Тон дискуссии задается двумя очень разными материалами, открывающими выпуск. Мэтресса феминистской философии Джудит Батлер в работе “Отчет о себе” (пока публикуется только первая половина, окончание следует), отталкиваясь от критики концепций этики, развитых Адорно, Ницше и Фуко, ставит под сомнение тезис о репрессивном характере этики, ориентированной на присутствие другого, и стремится показать, что возможность этики отнюдь не должна непременно основываться на автономной субъективности. Именно то обстоятельство, что субъект всегда конституируется другим и потому оказывается непрозрачным для самого себя, ставит его перед необходимостью осознания собственных границ и вовлекает в этически значимые связи. По мысли Батлер, именно неавтономность субъекта раскрывает для него измерение этической ответственности, определяемой изначальной соотносительностью с другим(и). В резком контрасте со строго аналитическим, безжалостно последовательным изложением Батлер в материалах “круглого стола” “Этика и современное искусство” с участием Елены Петровской, Марины Колдобской, Дмитрия Булатова, Юлии Лидерман, Олеси Туркиной, Александра Скидана и Олега Аронсона разговор более или менее хаотично движется одновременно по нескольким линиям, которые так и не удается связать друг с другом. Связь искусства и познания, провокационно тематизированная Дмитрием Булатовым на примерах из области биотехнологического искусства; проблемы моральной и правовой оценки действий современного художника со стороны государства и со стороны публики, обсуждаемые в выступлениях Олеси Туркиной, Юлии Лидерман и Александра Скидана; размышления Олега Аронсона о современном искусстве как инструменте проблематизации устоявшихся форм этики – все это напоминает кружение вокруг какого-то одного центра, так и остающегося неназванным. Главный этический вопрос, с такой настойчивостью поднимаемый Джудит Батлер, – о возможности и смысле ответственности – оказывается утопленным в десятках побочных соображений и остроумных наблюдений, в которых пример часто оказывается важнее, чем иллюстрируемое им понятие, а пафос – весомее, чем смысл. Однако в этом хаосе незаметно проступают очертания утопического чаяния, так или иначе направляющего собеседников. Его весьма точно формулирует ведущая “круглого стола” Елена Петровская:
“…Если современное искусство этично, если оно хоть как-то приближается к рассмотрению этических проблем, то происходит это там, где оно выдвигается в пространство утопии, то есть где оно исследует и провоцирует какие-то события, имеющие отношение к альтернативным формам социальности”.

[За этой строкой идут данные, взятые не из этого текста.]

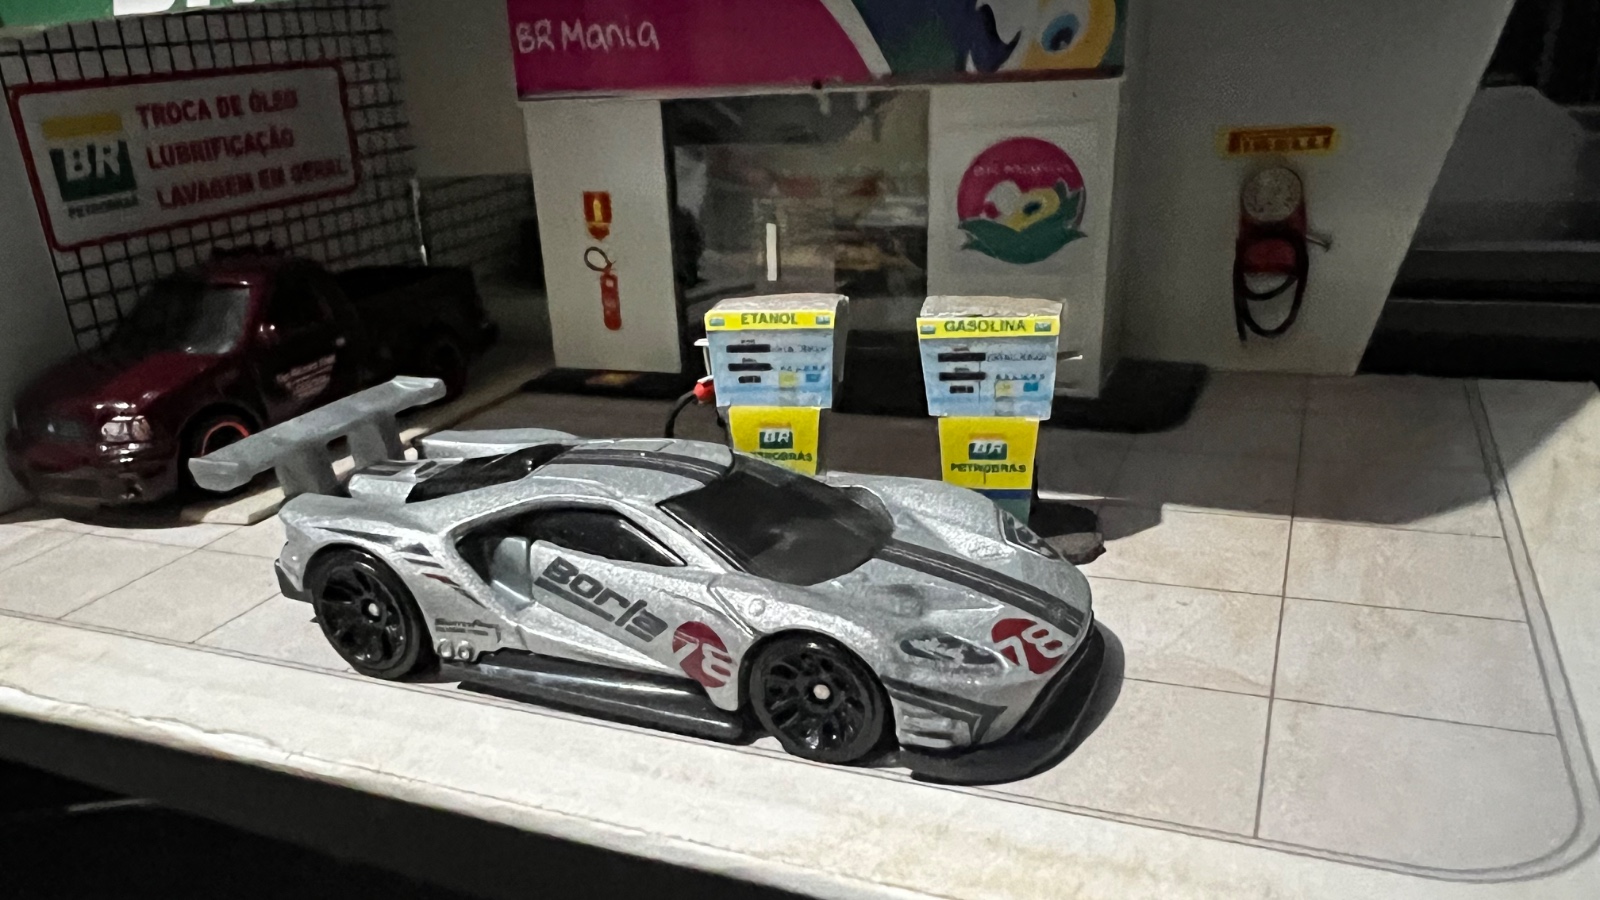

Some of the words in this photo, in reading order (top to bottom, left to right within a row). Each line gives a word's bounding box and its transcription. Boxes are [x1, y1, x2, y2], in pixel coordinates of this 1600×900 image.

[516, 19, 555, 54] BR
[560, 18, 660, 53] Mania
[136, 98, 212, 129] TROCA
[216, 95, 246, 119] DE
[62, 139, 122, 183] BR
[156, 173, 255, 210] LAVAGEM
[741, 312, 799, 326] ETANOL
[943, 319, 1027, 333] GASOLINA
[672, 625, 737, 688] 78
[992, 620, 1069, 673] 78
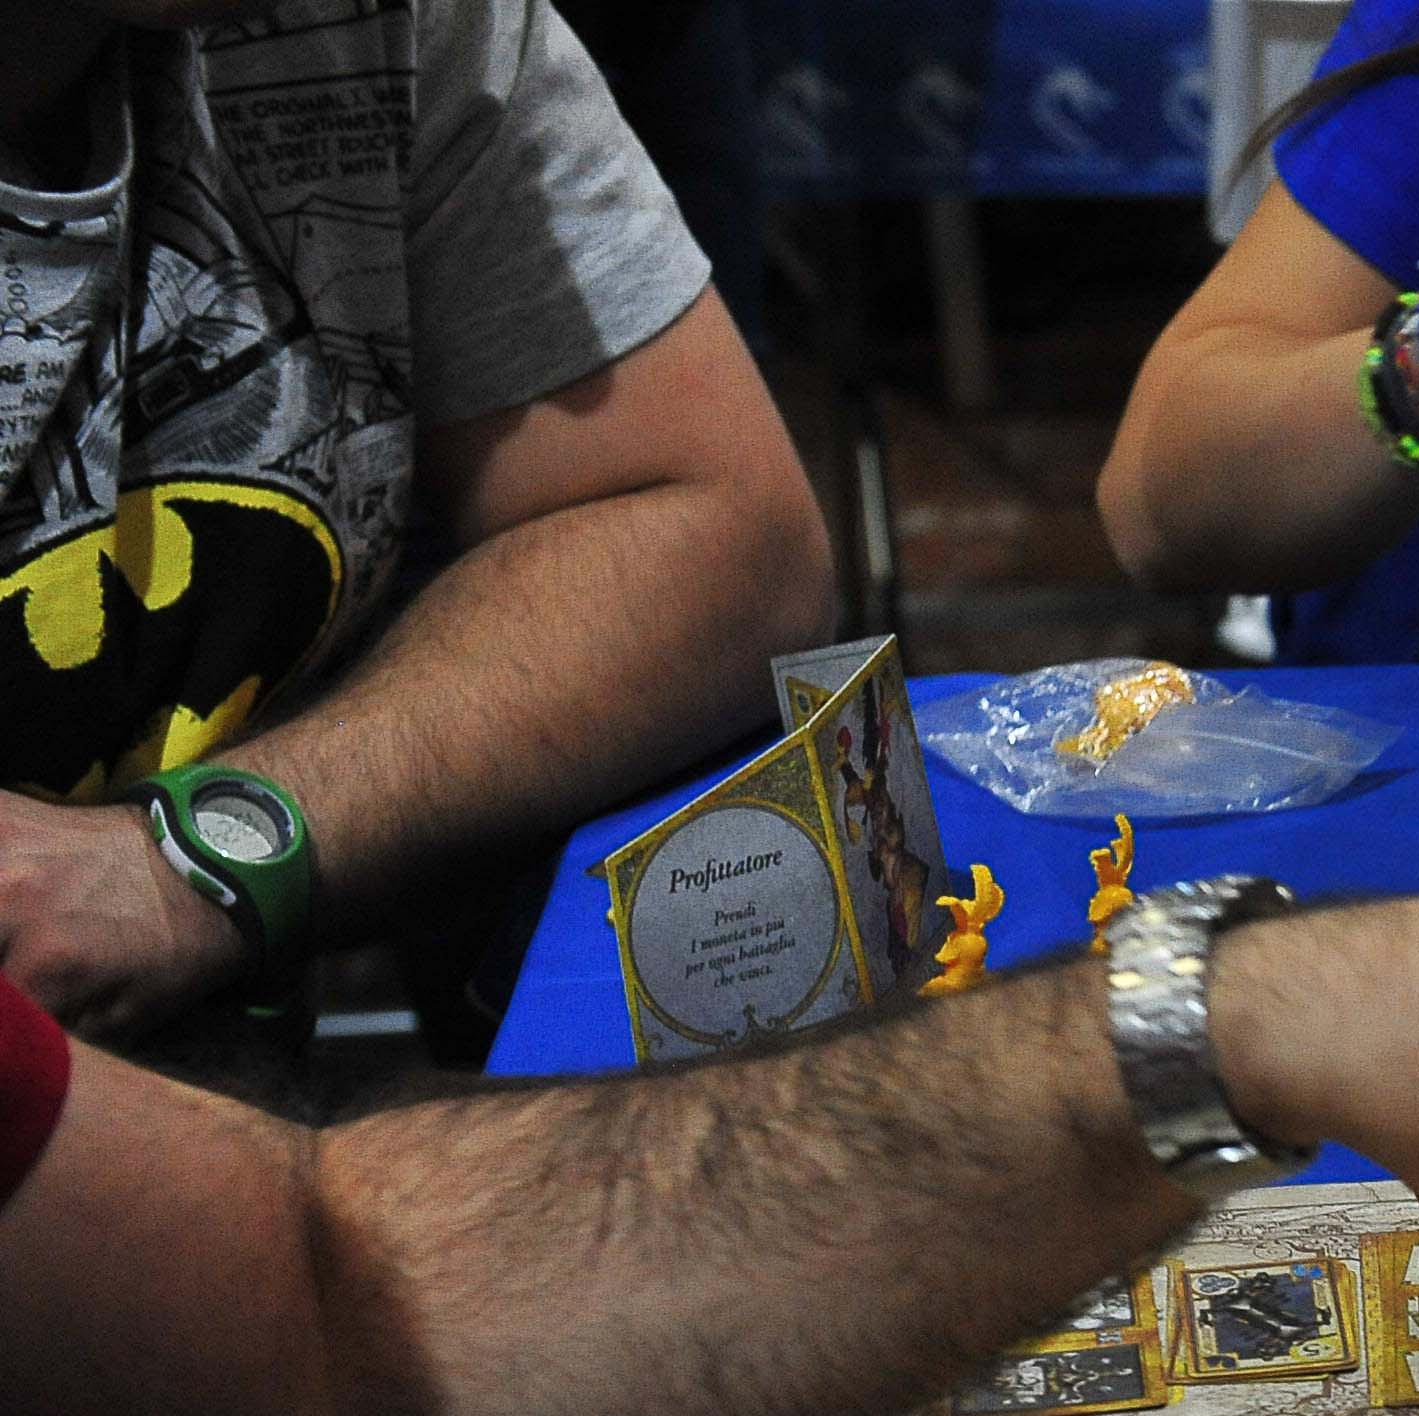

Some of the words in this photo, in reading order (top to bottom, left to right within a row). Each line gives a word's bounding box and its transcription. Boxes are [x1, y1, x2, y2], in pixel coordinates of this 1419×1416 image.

Именно эти два полюса – ответственность и утопия – и задают общее смысловое пространство номера.
Неудивительно, что в разговоре на подобные темы то и дело всплывают имена мыслителей, остро проблематизировавших и то и другое: Теодора Адорно (Александр Доброхотов в блестящем исследовании “Адорно о спасении Фауста” оспаривает предложенное философом толкование финала знаменитой трагедии Гёте, а Агнеш Хеллер в статье “Можно ли писать стихи после Холокоста?” стремится в полемике со знаменитым адорновским афоризмом обосновать возможность и даже обязательность поэтической речи перед лицом чудовищных событий ХХ века), Карла Маркса (Руслан Хаиткулов в очерке “Марксизм и/или этика” пытается доказать, что экономическая теория эксплуатации и моральная критика известного общественного строя как несправедливого вовсе не исключают друг друга, хотя и остаются относительно друг от друга независимыми), Баруха Спинозы (новаторской интерпретации его “Этики”, предложенной Антонио Негри, посвящена статья Нины Сосны “Введение в этику жизни”). Не обходится и без непременной в таких случаях критики фигуры интеллектуала – об этической эрозии университетской среды размышляет Александр Смулянский (“Деполитизация критической мысли и ее исток в отношениях интеллектуала и Университета”). Однако наряду с относительно предсказуемыми полемическими сюжетами читателя ждут сюрпризы. Так, неожиданно актуальным в разговоре об этике и сообществе оказывается наследие греческих и римских стоиков: Полина Гаджикурбанова в захватывающем материале “Современные стоики” рассказывает о виртуальных сетевых сообществах, в которых интерес к стоической философии приобретает форму совместного культивирования стоического образа жизни. Особое место в номере занимает третий раздел под заглавием “Сердцевина радости”, целиком составленный из текстов Симоны Вейль – может быть, самого бескомпромиссного и в то же время неригористичного христианского мыслителя ХХ века. В ее эссе и письмах внутреннее напряжение между сознанием ответственности и поисками нового горизонта социальности неожиданно находит свое таинственное разрешение. Они уводят вглубь, к таинственному истоку этики, вокруг которого, как вокруг незримого центра, движется круговорот аргументов. Так редакции “Синего дивана” снова, как и в лучших прежних выпусках, удается достичь своеобразного перформативного эффекта, без которого весь разговор остался бы бесплодным, – ведь вовсе не обязательно вспоминать Витгенштейна, чтобы понять, что в конечном счете смысл этического не может быть описан, а может быть только показан.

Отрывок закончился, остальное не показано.